Four polygons in my shape file are not valid--they are Ring Self-Intersecting. The shape file is for the New York metro area. When I open it in QGIS, the four problematic polygons are valid. It's only when I open them in R using ggplot or tmap the I have a problem.

Here's my code:

# remove all objects in R and clear R
remove(list=ls())

# Load packages
library(tidyverse) # tidy verse package for data maninpulation 
library(sp)
library(sf) # sf package to deal with shapefiles and perform spaital operations
library(rnaturalearth)
library(tmap) # tmap package for mapping
library(tmaptools)
library(rmapshaper)
library(haven) # read Stata data
library(leaflet) # leaflet
library(htmlwidgets) # htmlwidgets
library(ggplot2)

# load shapefile
# ==============
shapefile <- read_sf("/Users/Dora/Library/Mobile Documents/com~apple~CloudDocs/Projects/Latino Data Project/Data/Shapefiles/ipums_cpuma0010/ipums_cpuma0010.shp")

# check class, should be sf
class(shapefile)
glimpse(shapefile)

# filter out only States we want : New York, New Jersey, Conn. 
shapefile <- shapefile %>% 
  filter(State %in% c("New York", "New Jersey", "Connecticut"))

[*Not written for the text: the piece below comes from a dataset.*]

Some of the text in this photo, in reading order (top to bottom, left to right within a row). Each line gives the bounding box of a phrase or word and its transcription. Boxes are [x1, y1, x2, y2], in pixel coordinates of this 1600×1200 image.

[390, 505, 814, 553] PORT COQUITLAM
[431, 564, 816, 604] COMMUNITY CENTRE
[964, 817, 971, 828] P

# check that only 3 states have been filtered
unique(shapefile$State)


# test to see if this works with ggplot, it does not, geometry is invalid
 # ggplot() + geom_sf(data = shapefile)

  puma.preview <- tm_shape(shapefile) + 
        tm_borders() 

  puma.preview

A quick summary of what I'm doing: I'm loading the shape file (which is for the entire country) and cut it down to a few states in the metro area us the sf package. I then merge it with my data to further cut it down to the PUMAs (geo-area) that I want for my final map. But when I try to plot the boundaries as in the last step, it get a warning message:

Warning message: The shape shapefile is invalid. See sf::st_is_valid

I found this discussion on r-spatial that helps to identify invalid geometries. I ran the the following code.

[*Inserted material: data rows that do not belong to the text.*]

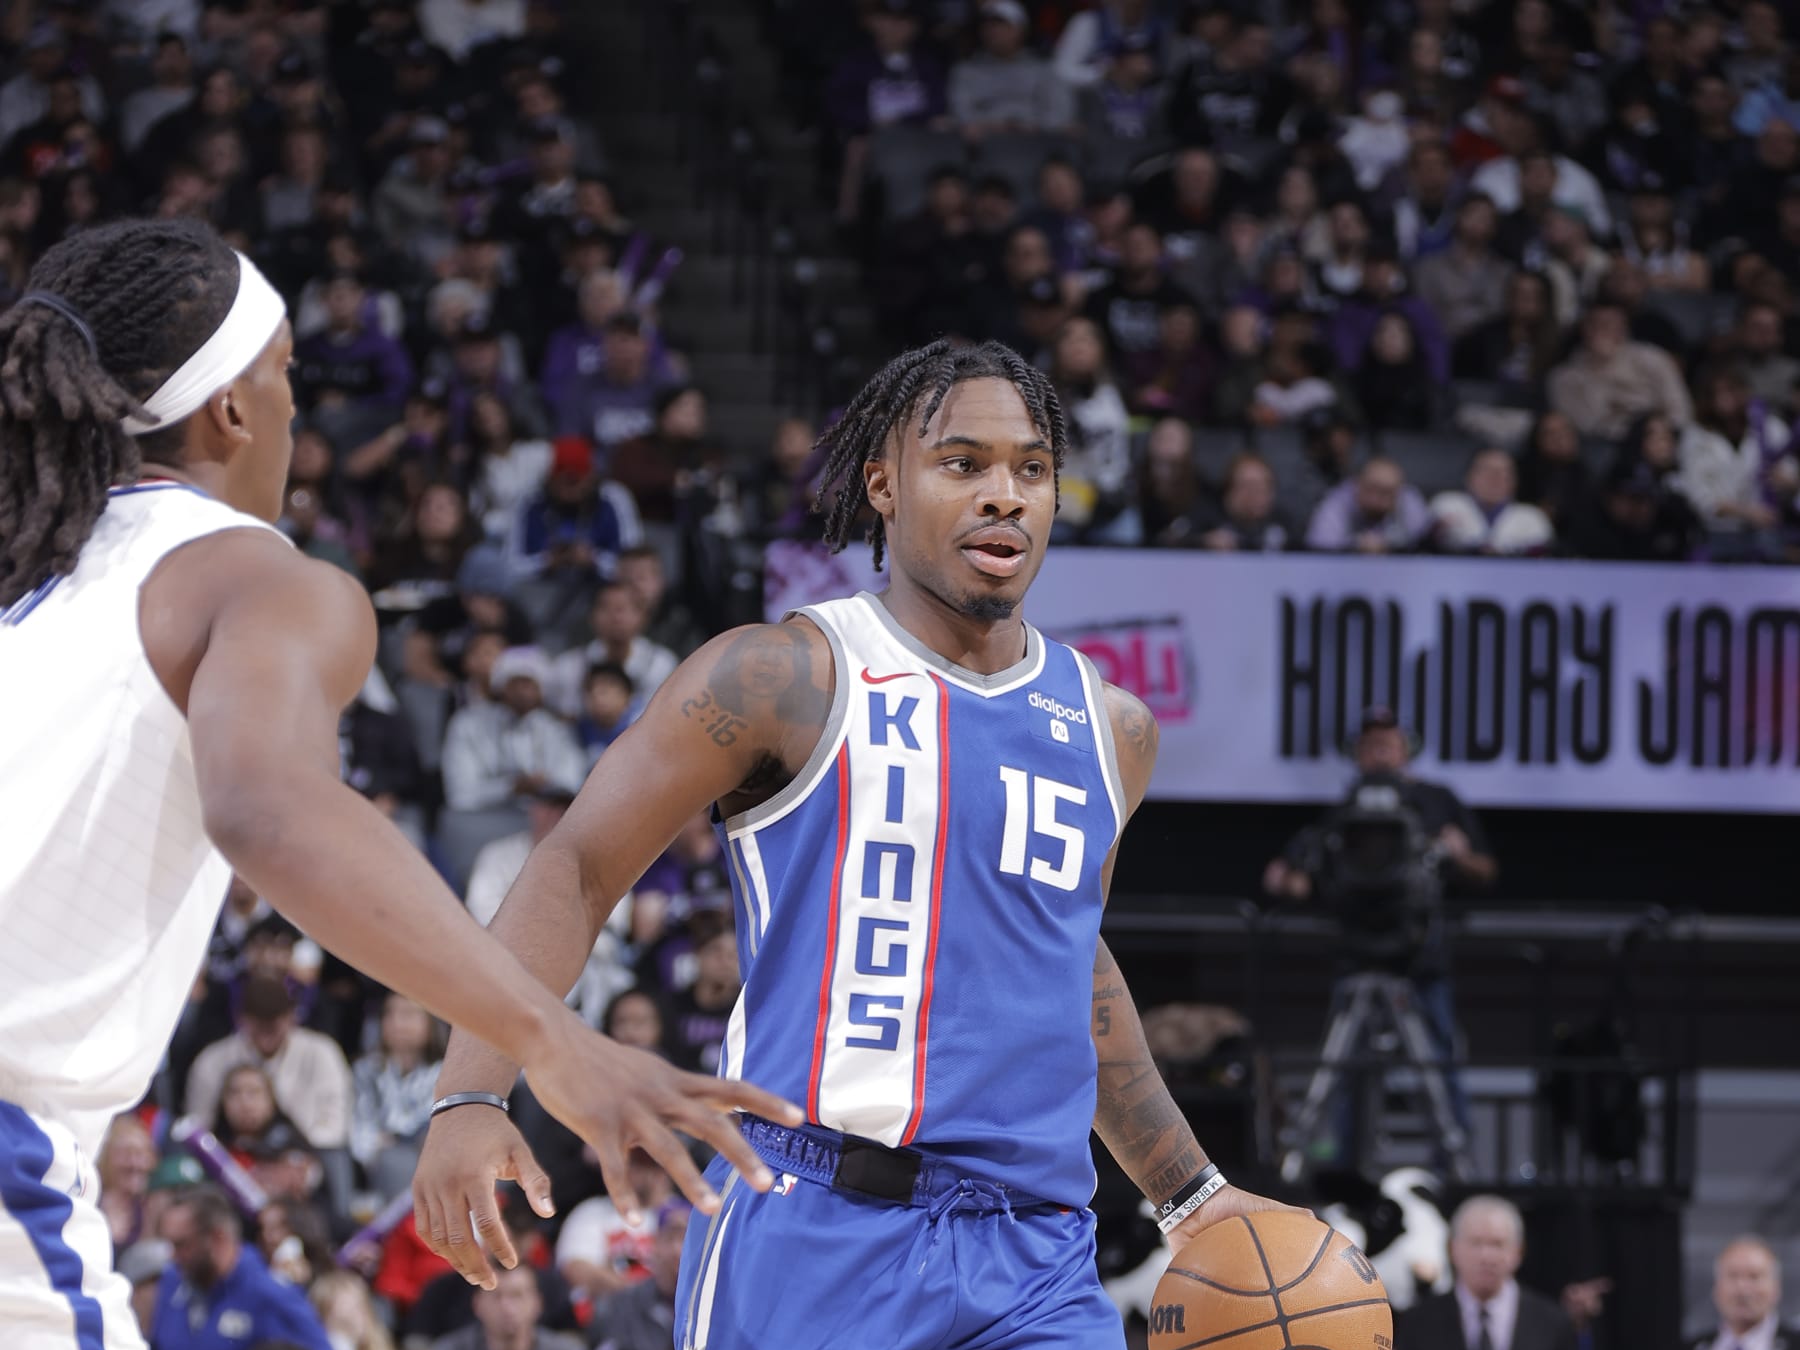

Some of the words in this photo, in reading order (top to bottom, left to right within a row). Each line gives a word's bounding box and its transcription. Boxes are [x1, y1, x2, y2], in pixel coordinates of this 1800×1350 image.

[1028, 691, 1088, 725] dialpad
[1279, 595, 1615, 766] HOLIDAY
[845, 691, 922, 1051] KINGS
[999, 765, 1087, 891] 15
[1160, 1199, 1176, 1217] JOY

#################################
# OPTION 1: Make shapefile valid
################################# 
# which geometries are invalid and why?
st_is_valid(shapefile, reason = TRUE)

  # items 109, 110, 128, 132 are not valid

  # true to make valid
  shapefile.fix <- st_make_valid(shapefile)

      # test to see if shape is valid
      st_is_valid(shapefile.fix, reason = TRUE)

and determined that four geometries were invalid because they had:

"Ring Self-intersection

[109] "Ring Self-intersection[1844806.7743 586468.577099999]"

[110] "Ring Self-intersection[1856751.9054 600658.621400001]"

[128] "Ring Self-intersection[1885193.1836 576520.4439]"

[132] ""Ring Self-intersection[1837919.417 592619.7127]"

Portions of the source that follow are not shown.